A violência não surgiu agora. Ela sempre esteve aí

Tem sido até que comum a gente dizer, com alguma dose de perplexidade: “nossa, o mundo está violento”. Não sei pra vocês, mas nas minhas relações interpessoais é muito presente esse tipo de preocupação. Nas últimas semanas, rolaram episódios de violência de cunho político até numa partida de futebol. O assassinato de Marcelo Arruda, ao contrário do que disse a Polícia Civil, foi um crime de motivação política. Um horror pensar que quem pensa diferente da gente deve ser eliminado. Mas a vibe da barbárie em que estamos é essa.

Alguns dias depois, no final da partida entre Santos e Corinthians, um torcedor do Peixe invadiu o campo e tentou agredir o goleiro Cassio pelas costas. Uma cena lamentável e covarde.

A gente tem dois caminhos para analisar esses dois fatos: entender que são situações isoladas que não se conversam; entender que são situações que expressam um movimento de banalização da violência. Eu escolhi fazer a leitura sob o segundo ponto de vista. E não tem a ver com tentar relacionar tudo ou ainda fazer uma analogia entre futebol e política, como alguns dizem. A coisa é mais simples: é simplesmente entender que a violência não apareceu agora. Ela surge junto com o primeiro ser humano na terra. A violência como expressão máxima da agressividade é um aspecto humano. Ela surge portanto com a humanidade. O que estamos vivendo hoje é uma autorização (e até valorização) da violência. E é esse o problema.

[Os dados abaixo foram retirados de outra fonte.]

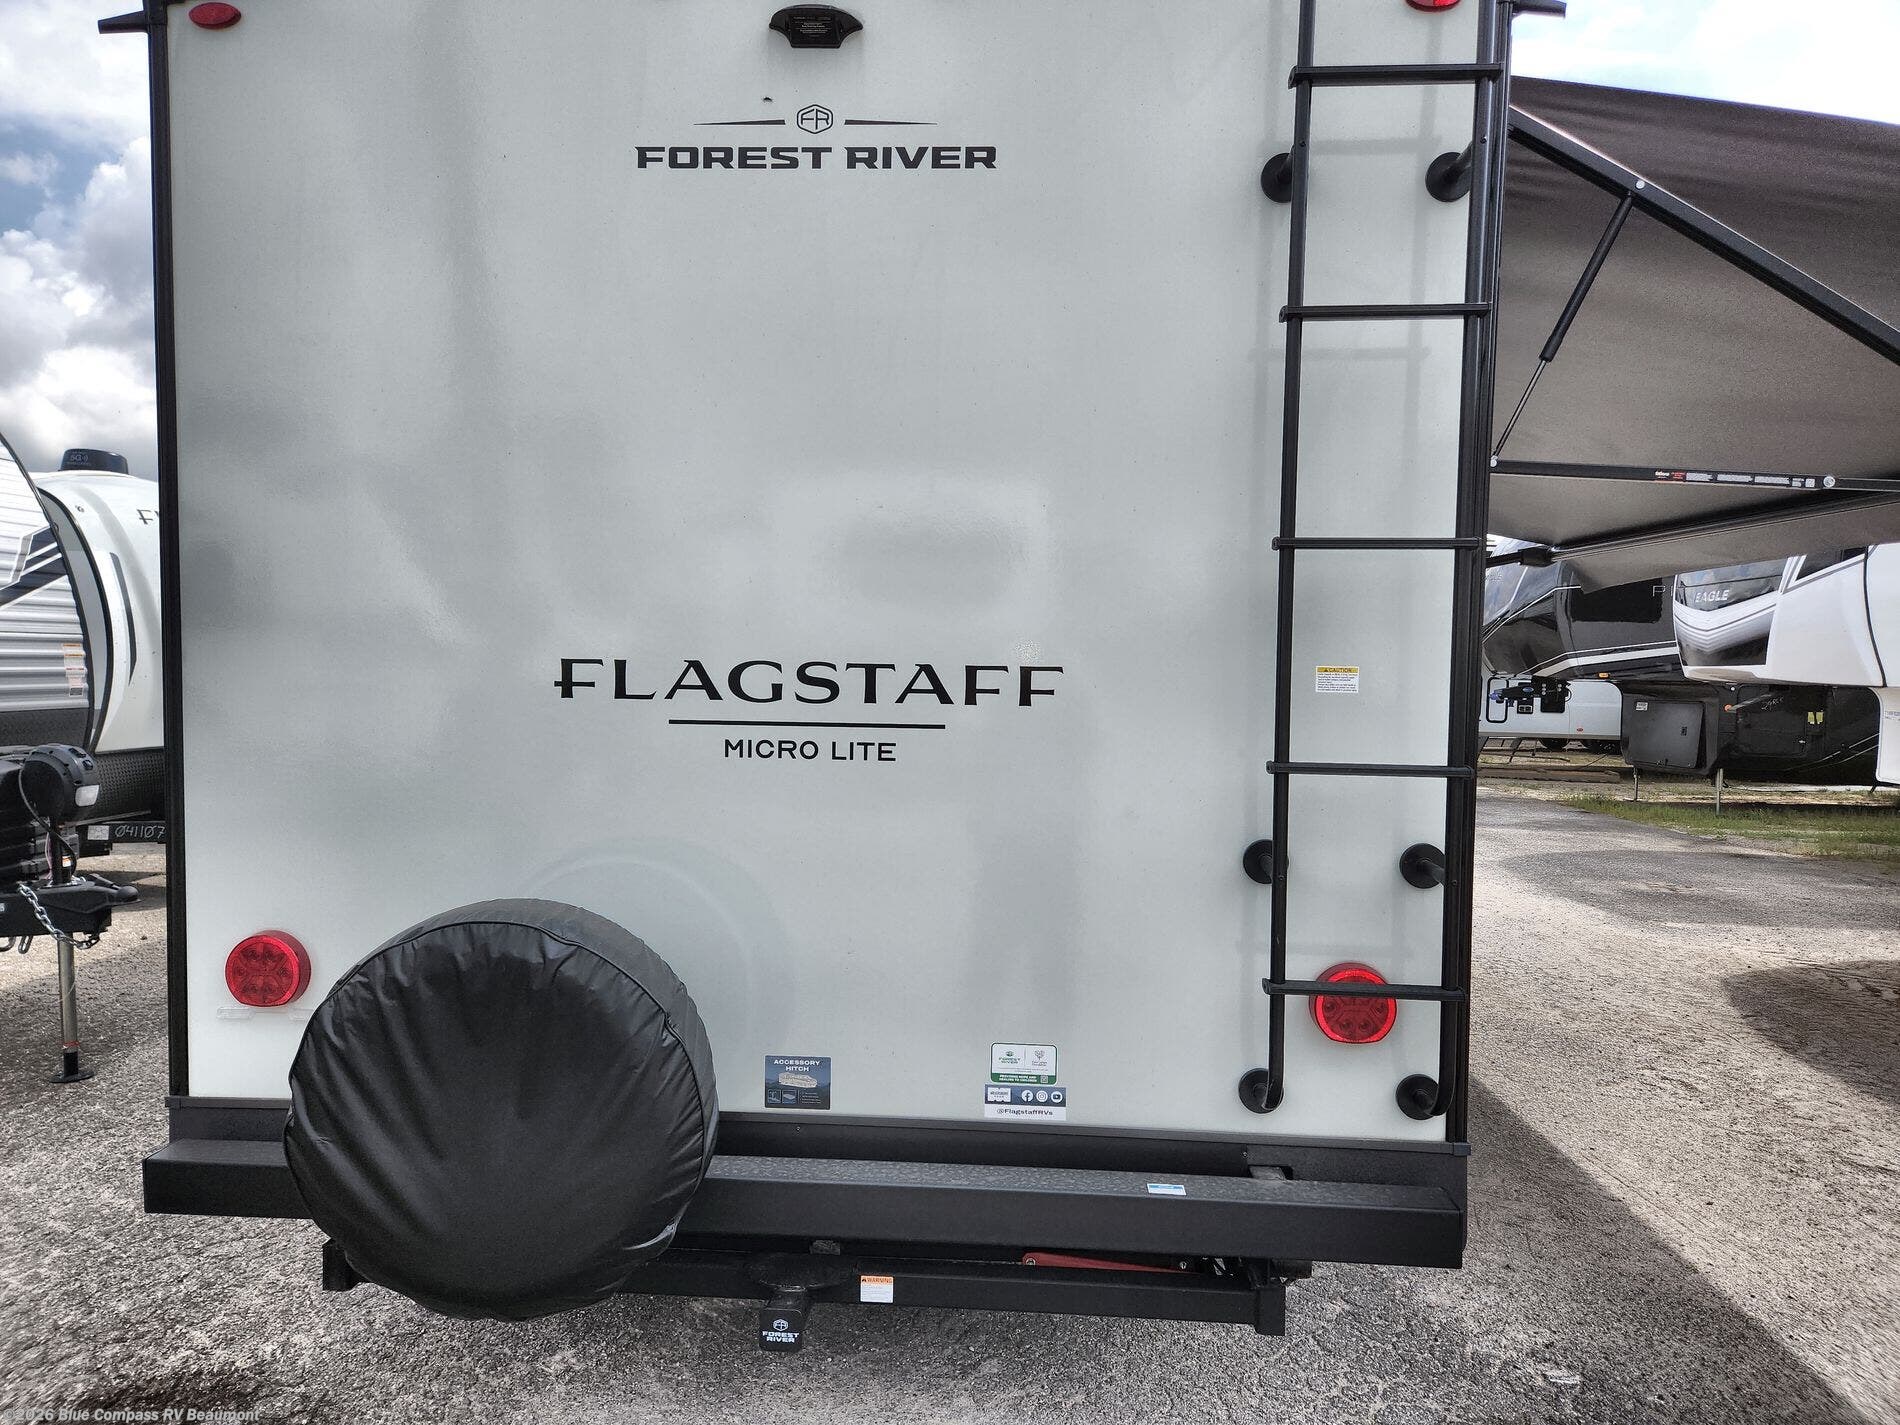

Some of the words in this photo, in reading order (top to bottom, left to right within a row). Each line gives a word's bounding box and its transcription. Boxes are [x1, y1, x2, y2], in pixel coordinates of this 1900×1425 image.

É nesse sentido que vejo uma ligação direta entre os dois episódios. Uma pessoa se sente autorizada a entrar numa festa de aniversário particular e dar tiros em outra por pensamento político divergente. Uma pessoa se sente autorizada a invadir o campo depois de seu time perder o jogo e agredir pelas costas um jogador. Nos dois casos, inexiste qualquer traço de humanidade. E embora a palavra “civilização” seja um tanto quanto colonialista, nesse caso, ela serve muito para nos fazer entender que onde não há respeito pelas diferenças, não há espaço para dialogar. Onde não há diálogo possível, a violência, de fato, se impõe como único caminho.

E como reverter esse cenário? Muitos falam que reconstruir a sociedade, o país, enfim. Não sei bem se é esse o conceito mais adequado. O tal “tecido social”, que pode ser facilmente substituído por “relações sociais”, se rompeu há muito tempo. Mas não acredito em reconstuir, porque isso remete a um passado, a uma base que, sinto, também se tornou pó. Como bem disse o advogado e filósofo Silvio Almeida em entrevista para a Revista Trip, “talvez, diante de tudo o que vem acontecendo, o Brasil tal qual conhecemos não exista mais. Para mim, já não se trata mais de reconstruir o Brasil. Mas de construir um Brasil que nunca existiu”.

Bora pensar juntos em quais os tijolos necessários para essa construção!